In 1998 I spec'd out what it would take to use student assistants to
scan the tables of contents and index pages from non-fiction books as
they were returned to the UC Berkeley Library (the scheme included a
method by which to siphon off the most popular items for scanning).
You can even still see a very simple demonstration that I quickly
cobbled together to use as an illustration to the proposal (go to
http://sunsite.berkeley.edu/PEP/ and search on "apartheid"). All the
students had to do was to look up a book in the catalog, use the
unique record id as the base for all subsequent filenames of the
scanned pages, and adhere to a particular naming scheme for those
files. The files would be OCR'd (uncorrected) and indexed, but only
the page images would be displayed. All the labor was in the
scanning, etc., which presumably would be relatively cheap since
there only a small set of specific, well-defined tasks to be
performed (and especially cheap at a university with
slave...uh..student labor).
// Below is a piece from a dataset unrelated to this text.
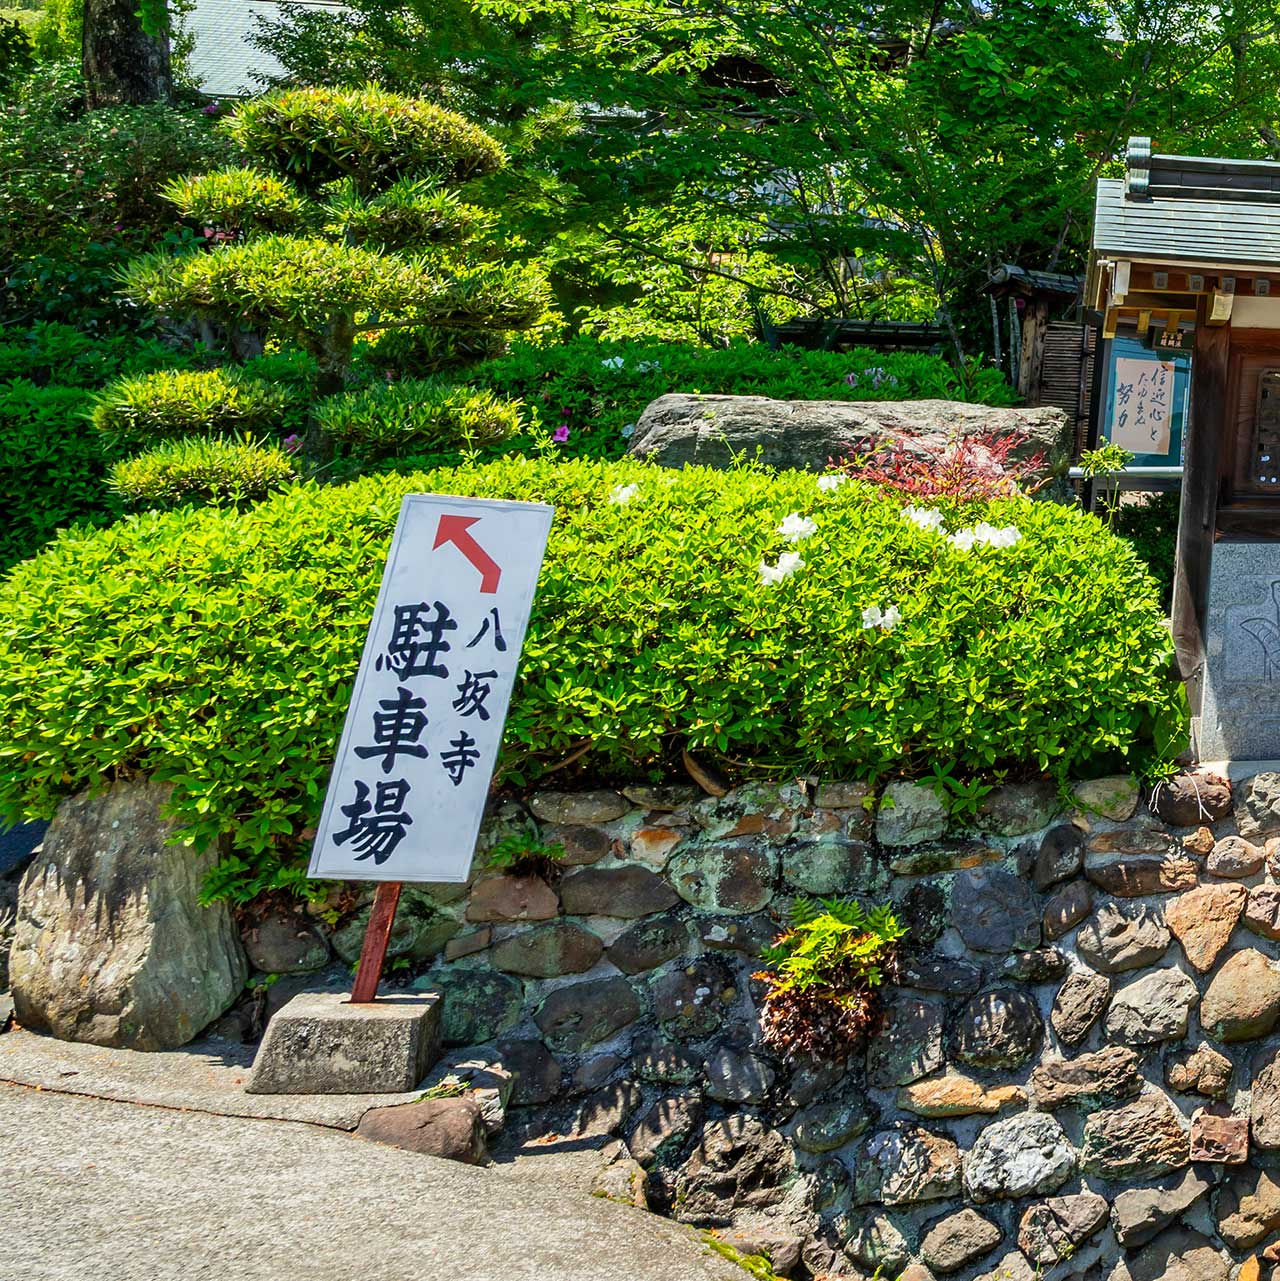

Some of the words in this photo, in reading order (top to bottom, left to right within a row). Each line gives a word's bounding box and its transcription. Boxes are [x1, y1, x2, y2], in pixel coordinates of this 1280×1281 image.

[1116, 382, 1134, 428] 努力
[331, 600, 458, 866] 駐車場
[440, 606, 507, 787] 八坂寺
Everything else (indexing, links in the
catalog, etc.) was either automated already or could have easily been.
The entire interface is all of 163 lines of Perl code, including
blank lines for readability, comments, and laoriously spelled out
algorithms (hey, I'm not a programmer). These 163 lines not only
builds the display but also determines several things on the fly:
* whether an index has an associated table of contents, or vice versa
* which page is being displayed and therefore which page is before or
after it, thus allowing the navigation to be completely contextual
* builds a link into the catalog record (currently broken due to
changes in the catalog system) so the person could find out if it was
on the shelf
The entire thing, from specs to code to sample scans to index, took a
few days -- max. So are we talking rocket science? Of course not. Any
two-bit institution with a living being above the intelligence of a
chimpanzee, a $100 scanner, and one or more hours a week to throw at
it could do it. So why did Berkeley not take me up on my proposal?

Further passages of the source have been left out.